PROBLEM TO SOLVE :: Transcribe every line of the records verbatim.

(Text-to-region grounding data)
· · · ·
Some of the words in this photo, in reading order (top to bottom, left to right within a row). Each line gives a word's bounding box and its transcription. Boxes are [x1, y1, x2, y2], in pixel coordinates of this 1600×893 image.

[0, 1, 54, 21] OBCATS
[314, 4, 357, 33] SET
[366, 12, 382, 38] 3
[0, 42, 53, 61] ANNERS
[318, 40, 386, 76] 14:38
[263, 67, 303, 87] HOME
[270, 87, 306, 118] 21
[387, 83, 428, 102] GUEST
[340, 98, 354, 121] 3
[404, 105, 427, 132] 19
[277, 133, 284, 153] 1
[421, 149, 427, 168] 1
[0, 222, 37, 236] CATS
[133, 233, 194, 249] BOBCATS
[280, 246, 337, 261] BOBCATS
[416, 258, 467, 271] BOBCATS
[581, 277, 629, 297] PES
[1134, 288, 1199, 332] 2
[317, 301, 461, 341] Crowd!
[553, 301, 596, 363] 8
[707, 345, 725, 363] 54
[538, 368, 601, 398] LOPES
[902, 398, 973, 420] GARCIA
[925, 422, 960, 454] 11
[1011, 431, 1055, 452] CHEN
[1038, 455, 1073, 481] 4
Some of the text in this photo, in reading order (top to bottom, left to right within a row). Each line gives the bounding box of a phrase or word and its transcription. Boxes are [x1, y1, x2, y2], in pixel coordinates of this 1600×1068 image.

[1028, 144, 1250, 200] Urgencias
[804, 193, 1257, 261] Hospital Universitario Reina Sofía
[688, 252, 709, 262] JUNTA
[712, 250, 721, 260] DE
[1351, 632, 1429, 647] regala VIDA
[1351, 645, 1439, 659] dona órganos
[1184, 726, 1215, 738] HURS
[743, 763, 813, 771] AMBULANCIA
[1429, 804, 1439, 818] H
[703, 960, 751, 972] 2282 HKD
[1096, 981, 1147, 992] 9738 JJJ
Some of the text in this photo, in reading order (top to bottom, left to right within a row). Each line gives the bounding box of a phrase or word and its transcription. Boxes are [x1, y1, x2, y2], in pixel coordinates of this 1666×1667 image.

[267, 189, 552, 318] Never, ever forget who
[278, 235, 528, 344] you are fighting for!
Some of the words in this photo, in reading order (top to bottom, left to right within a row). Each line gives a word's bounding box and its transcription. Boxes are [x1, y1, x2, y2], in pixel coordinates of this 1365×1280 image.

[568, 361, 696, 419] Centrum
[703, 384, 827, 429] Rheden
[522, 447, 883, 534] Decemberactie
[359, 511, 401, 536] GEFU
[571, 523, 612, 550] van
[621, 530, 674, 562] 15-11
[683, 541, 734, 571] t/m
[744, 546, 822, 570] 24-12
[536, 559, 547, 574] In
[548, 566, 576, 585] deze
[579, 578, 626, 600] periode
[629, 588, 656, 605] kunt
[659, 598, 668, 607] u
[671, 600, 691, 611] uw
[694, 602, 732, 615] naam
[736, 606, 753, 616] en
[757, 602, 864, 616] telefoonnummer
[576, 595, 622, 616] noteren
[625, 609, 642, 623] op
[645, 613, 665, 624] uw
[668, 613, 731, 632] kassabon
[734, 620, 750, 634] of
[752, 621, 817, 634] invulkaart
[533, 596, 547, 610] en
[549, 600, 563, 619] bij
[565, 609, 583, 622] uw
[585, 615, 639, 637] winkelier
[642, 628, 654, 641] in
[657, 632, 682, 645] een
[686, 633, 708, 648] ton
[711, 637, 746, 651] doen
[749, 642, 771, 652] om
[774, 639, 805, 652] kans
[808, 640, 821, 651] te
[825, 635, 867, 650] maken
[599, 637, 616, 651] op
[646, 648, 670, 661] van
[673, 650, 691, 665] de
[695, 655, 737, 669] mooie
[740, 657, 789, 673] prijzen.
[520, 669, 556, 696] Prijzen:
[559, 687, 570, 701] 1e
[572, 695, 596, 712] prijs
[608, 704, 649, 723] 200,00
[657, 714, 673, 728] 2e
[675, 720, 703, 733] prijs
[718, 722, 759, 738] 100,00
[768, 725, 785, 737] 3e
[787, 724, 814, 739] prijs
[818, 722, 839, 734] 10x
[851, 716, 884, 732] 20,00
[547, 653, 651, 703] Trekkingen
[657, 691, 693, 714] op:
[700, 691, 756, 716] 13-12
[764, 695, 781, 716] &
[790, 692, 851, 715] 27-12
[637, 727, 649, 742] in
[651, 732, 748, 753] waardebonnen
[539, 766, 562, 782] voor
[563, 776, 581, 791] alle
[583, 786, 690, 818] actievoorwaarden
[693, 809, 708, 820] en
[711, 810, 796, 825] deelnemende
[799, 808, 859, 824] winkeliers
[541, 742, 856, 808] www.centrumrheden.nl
· · · ·
EXERCISE SOLUTION ::
Some of the words in this photo, in reading order (top to bottom, left to right within a row). Each line gives a word's bounding box and its transcription. Boxes are [x1, y1, x2, y2], in pixel coordinates of this 1600×893 image.

[0, 1, 54, 21] OBCATS
[314, 4, 357, 33] SET
[366, 12, 382, 38] 3
[0, 42, 53, 61] ANNERS
[318, 40, 386, 76] 14:38
[263, 67, 303, 87] HOME
[270, 87, 306, 118] 21
[387, 83, 428, 102] GUEST
[340, 98, 354, 121] 3
[404, 105, 427, 132] 19
[277, 133, 284, 153] 1
[421, 149, 427, 168] 1
[0, 222, 37, 236] CATS
[133, 233, 194, 249] BOBCATS
[280, 246, 337, 261] BOBCATS
[416, 258, 467, 271] BOBCATS
[581, 277, 629, 297] PES
[1134, 288, 1199, 332] 2
[317, 301, 461, 341] Crowd!
[553, 301, 596, 363] 8
[707, 345, 725, 363] 54
[538, 368, 601, 398] LOPES
[902, 398, 973, 420] GARCIA
[925, 422, 960, 454] 11
[1011, 431, 1055, 452] CHEN
[1038, 455, 1073, 481] 4
Some of the text in this photo, in reading order (top to bottom, left to right within a row). Each line gives the bounding box of a phrase or word and its transcription. Boxes are [x1, y1, x2, y2], in pixel coordinates of this 1600×1068 image.

[1028, 144, 1250, 200] Urgencias
[804, 193, 1257, 261] Hospital Universitario Reina Sofía
[688, 252, 709, 262] JUNTA
[712, 250, 721, 260] DE
[1351, 632, 1429, 647] regala VIDA
[1351, 645, 1439, 659] dona órganos
[1184, 726, 1215, 738] HURS
[743, 763, 813, 771] AMBULANCIA
[1429, 804, 1439, 818] H
[703, 960, 751, 972] 2282 HKD
[1096, 981, 1147, 992] 9738 JJJ
Some of the text in this photo, in reading order (top to bottom, left to right within a row). Each line gives the bounding box of a phrase or word and its transcription. Boxes are [x1, y1, x2, y2], in pixel coordinates of this 1666×1667 image.

[267, 189, 552, 318] Never, ever forget who
[278, 235, 528, 344] you are fighting for!
Some of the words in this photo, in reading order (top to bottom, left to right within a row). Each line gives a word's bounding box and its transcription. Boxes are [x1, y1, x2, y2], in pixel coordinates of this 1365×1280 image.

[568, 361, 696, 419] Centrum
[703, 384, 827, 429] Rheden
[522, 447, 883, 534] Decemberactie
[359, 511, 401, 536] GEFU
[571, 523, 612, 550] van
[621, 530, 674, 562] 15-11
[683, 541, 734, 571] t/m
[744, 546, 822, 570] 24-12
[536, 559, 547, 574] In
[548, 566, 576, 585] deze
[579, 578, 626, 600] periode
[629, 588, 656, 605] kunt
[659, 598, 668, 607] u
[671, 600, 691, 611] uw
[694, 602, 732, 615] naam
[736, 606, 753, 616] en
[757, 602, 864, 616] telefoonnummer
[576, 595, 622, 616] noteren
[625, 609, 642, 623] op
[645, 613, 665, 624] uw
[668, 613, 731, 632] kassabon
[734, 620, 750, 634] of
[752, 621, 817, 634] invulkaart
[533, 596, 547, 610] en
[549, 600, 563, 619] bij
[565, 609, 583, 622] uw
[585, 615, 639, 637] winkelier
[642, 628, 654, 641] in
[657, 632, 682, 645] een
[686, 633, 708, 648] ton
[711, 637, 746, 651] doen
[749, 642, 771, 652] om
[774, 639, 805, 652] kans
[808, 640, 821, 651] te
[825, 635, 867, 650] maken
[599, 637, 616, 651] op
[646, 648, 670, 661] van
[673, 650, 691, 665] de
[695, 655, 737, 669] mooie
[740, 657, 789, 673] prijzen.
[520, 669, 556, 696] Prijzen:
[559, 687, 570, 701] 1e
[572, 695, 596, 712] prijs
[608, 704, 649, 723] 200,00
[657, 714, 673, 728] 2e
[675, 720, 703, 733] prijs
[718, 722, 759, 738] 100,00
[768, 725, 785, 737] 3e
[787, 724, 814, 739] prijs
[818, 722, 839, 734] 10x
[851, 716, 884, 732] 20,00
[547, 653, 651, 703] Trekkingen
[657, 691, 693, 714] op:
[700, 691, 756, 716] 13-12
[764, 695, 781, 716] &
[790, 692, 851, 715] 27-12
[637, 727, 649, 742] in
[651, 732, 748, 753] waardebonnen
[539, 766, 562, 782] voor
[563, 776, 581, 791] alle
[583, 786, 690, 818] actievoorwaarden
[693, 809, 708, 820] en
[711, 810, 796, 825] deelnemende
[799, 808, 859, 824] winkeliers
[541, 742, 856, 808] www.centrumrheden.nl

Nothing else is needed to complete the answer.